Record 1 time, user is accumulative to the multiple amount of access of the same page to become pv sum;
Uv is writing a Chinese character in simplified form for unique visitor, refers to through internet access, browses the natural person of this webpage.
In the present embodiment, it is contemplated that scalability, such as follow-up data processing may need counting user retention ratio, Ke Yijin
The data such as the access time of each address ip of one-step recording.
User's retention ratio is the ratio of the total user of old user Zhan.
The preset decision rule includes legitimacy rule and logic rules, the inspection in one of the embodiments,
Whether the preliminary cleaning data of survey, which meet preset decision rule, includes:
If tentatively cleaning data do not meet the legitimacy rule, preliminary cleaning data are set as meeting the legitimacy
The maximum value of rule, or delete;
Legitimacy rule is the call formats such as numerical value, date, field contents rule.
Specifically, field type legitimacy rule: date field format is " YYYY-MM-DD "
Field contents legitimacy rule: gender is male, female or unknown;Date of birth earlier than or be equal to today;
If tentatively cleaning data do not meet the logic rules, data deletion will be tentatively cleaned, and generates warning instruction.
Logic rules are for judging the whether logical convention rule of data;For example, the age of people is generally all in 0-
Between 120, this data exception is judged if the age for occurring 200 years old.
After the cleaning that data pass through legitimacy rule and logic rules, eliminates and do not meet call format and logic rules
Data obtain effective final cleaning data.
It should be understood that although each step in the flow chart of Fig. 1 is successively shown according to the instruction of arrow, this
A little steps are not that the inevitable sequence according to arrow instruction successively executes.Unless expressly state otherwise herein, these steps
It executes there is no the limitation of stringent sequence, these steps can execute in other order.Moreover, at least part in Fig. 1
Step may include that perhaps these sub-steps of multiple stages or stage are executed in synchronization to multiple sub-steps
It completes, but can execute at different times, the execution sequence in these sub-steps or stage, which is also not necessarily, successively to be carried out,
But it can be executed in turn or alternately at least part of the sub-step or stage of other steps or other steps.

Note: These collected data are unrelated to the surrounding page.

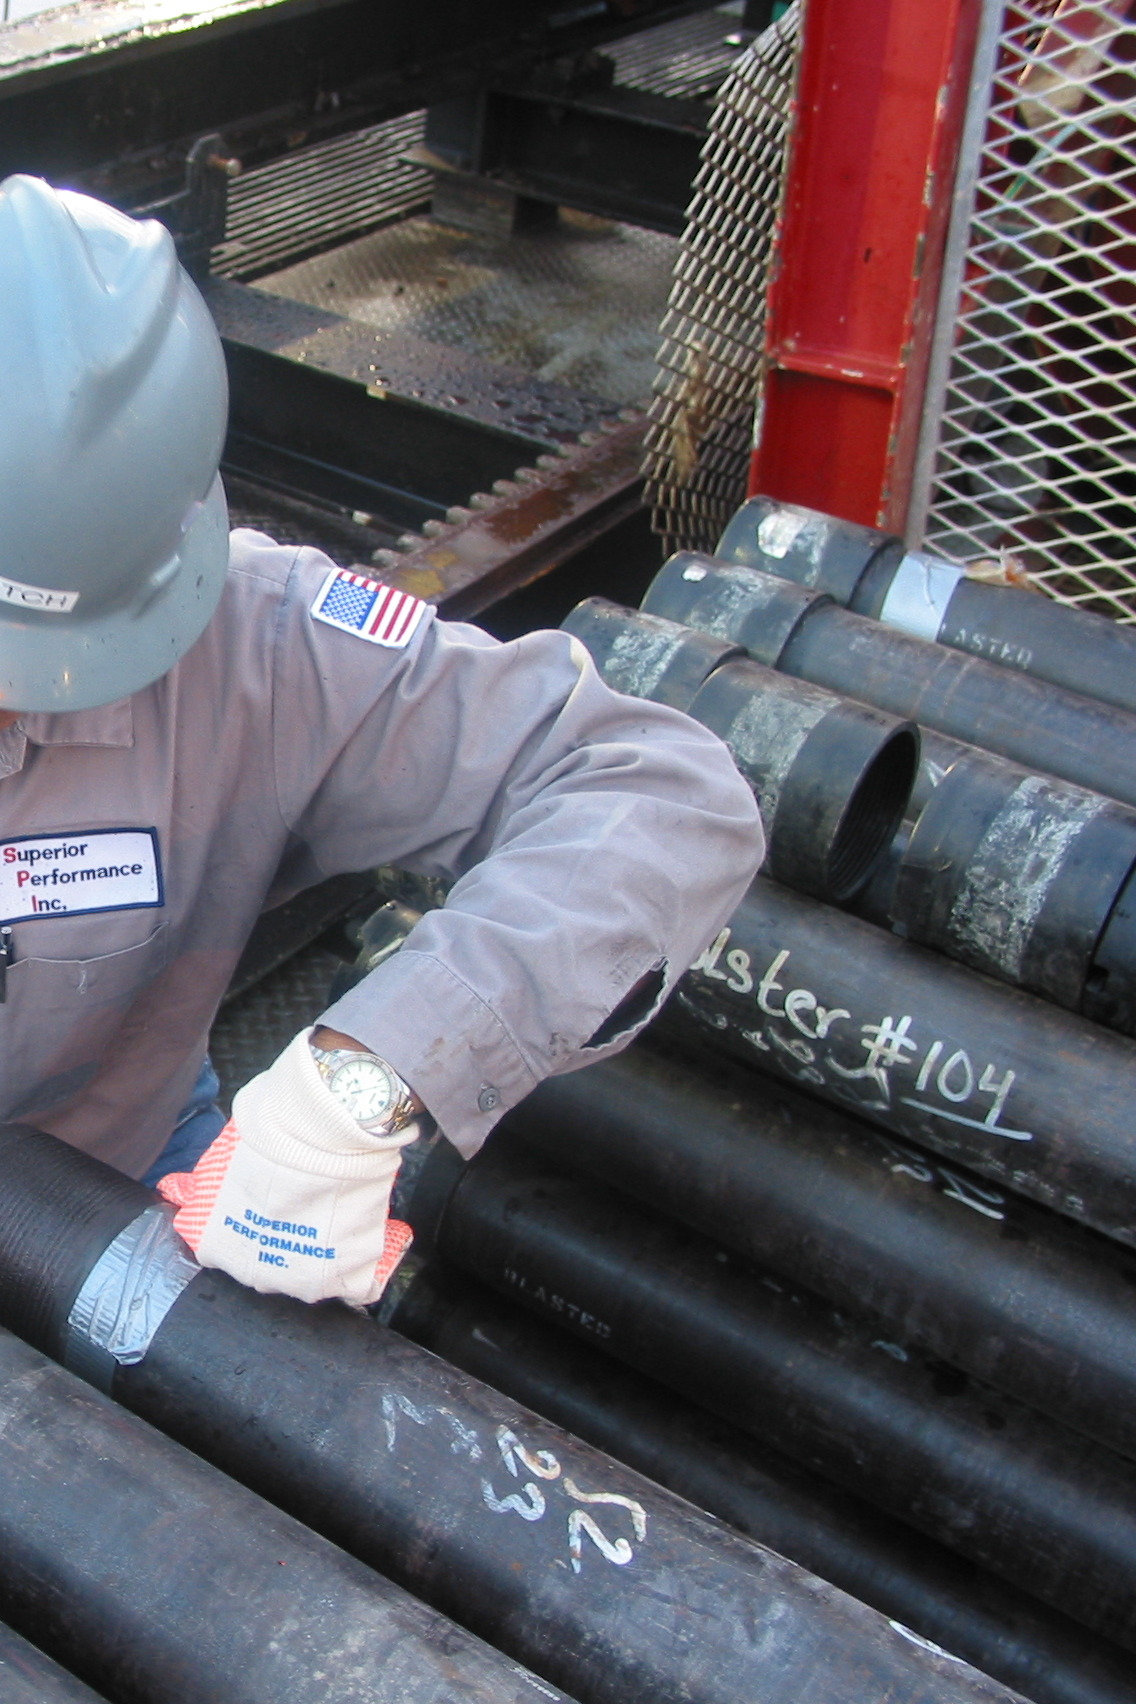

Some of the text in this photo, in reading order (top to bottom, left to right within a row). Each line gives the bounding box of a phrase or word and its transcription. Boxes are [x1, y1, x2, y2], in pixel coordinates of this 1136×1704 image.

[2, 842, 89, 867] Superior
[16, 863, 144, 888] Performance
[31, 894, 68, 913] Inc.
[861, 1014, 1017, 1130] #104
[244, 1208, 319, 1240] SUPERIOR
[224, 1215, 337, 1260] PERFORMANCE
[258, 1250, 290, 1269] INC.

In one embodiment, as shown in Fig. 2, providing a kind of data cleansing device, comprising: data acquisition module, number
According to filtering module, preliminary cleaning module, final cleaning module and data outputting module, in which:
Data acquisition module, for obtaining data from the first data source, using the data of acquisition establish one it is independent
Data flow;
Data filtering module obtains data to be cleaned for being filtered processing to the data in data flow;
Preliminary cleaning module obtains just for the field in data to be cleaned including missing values to be deleted or filled
Step cleaning data;
Final cleaning module, for detecting whether preliminary cleaning data meet preset decision rule, deletion, which is not met, to be sentenced
The data of set pattern then, obtain finally cleaning data.

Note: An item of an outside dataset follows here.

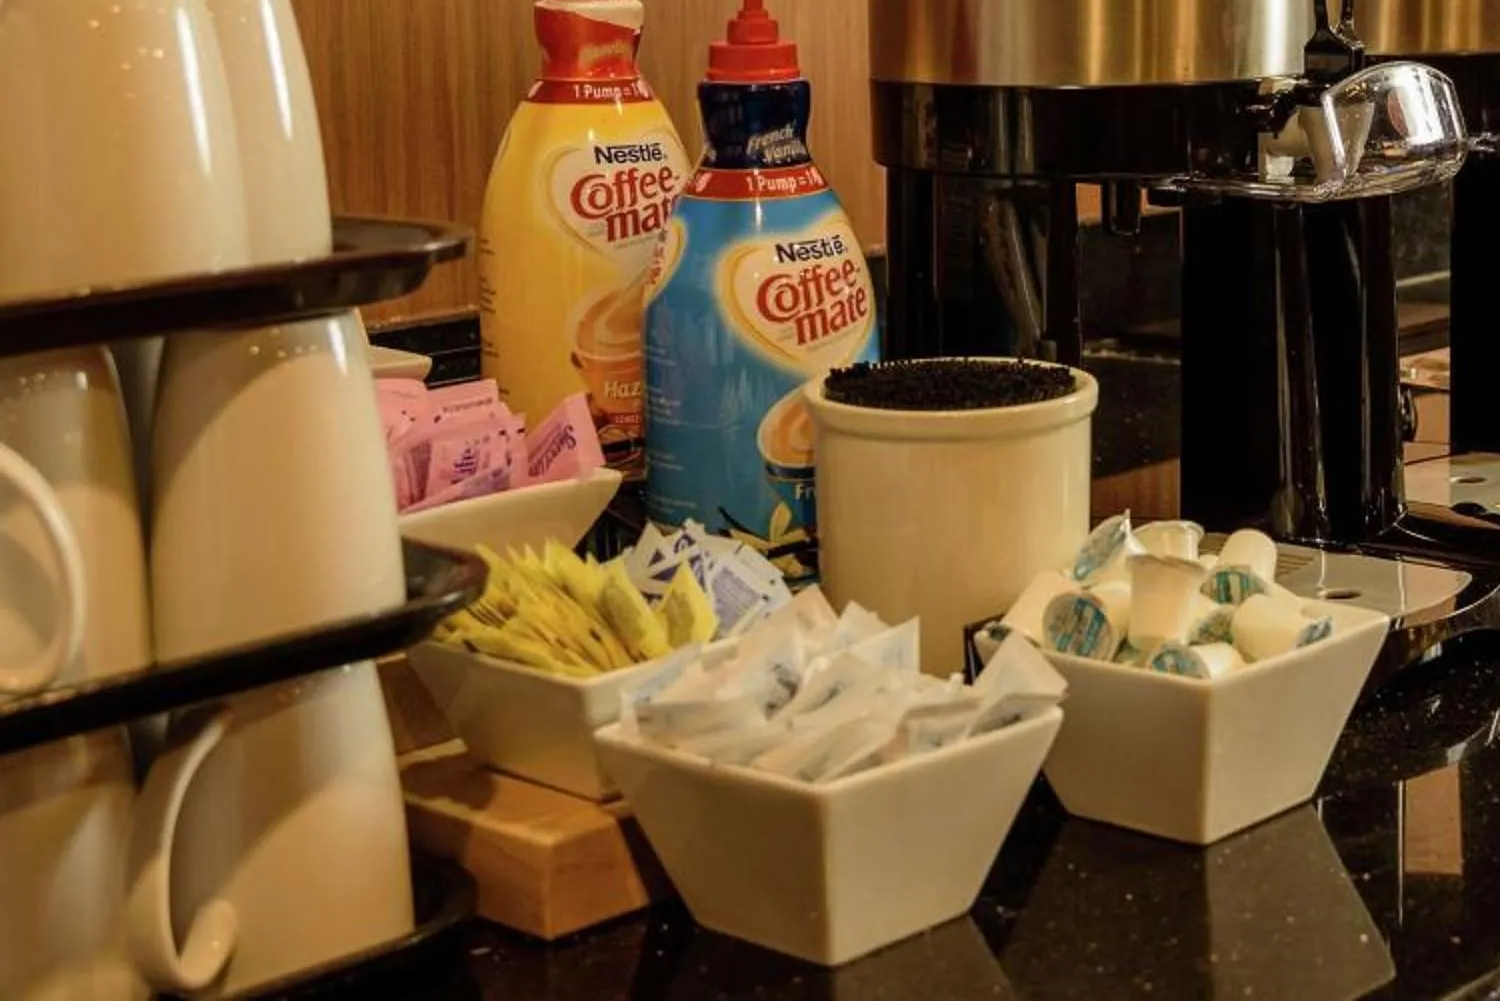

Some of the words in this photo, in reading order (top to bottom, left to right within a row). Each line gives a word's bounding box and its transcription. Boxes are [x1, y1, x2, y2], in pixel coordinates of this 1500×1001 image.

[758, 175, 797, 193] Pump
[606, 195, 678, 242] mat
[794, 287, 868, 345] mate

Data outputting module, for final cleaning data to be output to the second data source.
When it is implemented, the first data source and the second data source are the different data classification of same distributed information system.
In one embodiment, preliminary cleaning module includes at miss rate submodule, significance level submodule and missing values
Manage submodule, in which:
Miss rate submodule accounts for the ratio of total number for the missing values item number according to field, and lacking for field is calculated
Mistake rate;
Significance level submodule, the index for analyzing as needed determine the Importance of attribute degree of field;
Missing values handle submodule, for the miss rate and Importance of attribute degree according to field, to the word comprising missing values
Duan Jinhang is deleted or filling.
Further, the missing values processing submodule includes comparing unit and primary treatment unit, in which:
The comparing unit be used for by the miss rate of field and Importance of attribute degree respectively with preset miss rate threshold value and
Important rating threshold compares;Primary treatment unit for field is filled, delete or completion operation.
When field miss rate is lower than preset miss rate threshold value and Importance of attribute degree is lower than preset important grading threshold
When value, field is filled;
When field miss rate is not less than preset miss rate threshold value and Importance of attribute degree is lower than preset important grading
When threshold value, field is deleted;
When field miss rate is not less than preset miss rate threshold value and Importance of attribute degree is higher than preset important grading
When threshold value, completion is carried out to the missing values of field.
In one embodiment, data cleansing device further includes data exploration module, and data exploration module is used in logarithm
Before being filtered processing according to the data in stream, the metadata of the description data attribute of data in the first data source is first detected, then
Quality problems existing for data are obtained according to the metadata analysis, set filtering rule according to quality problems.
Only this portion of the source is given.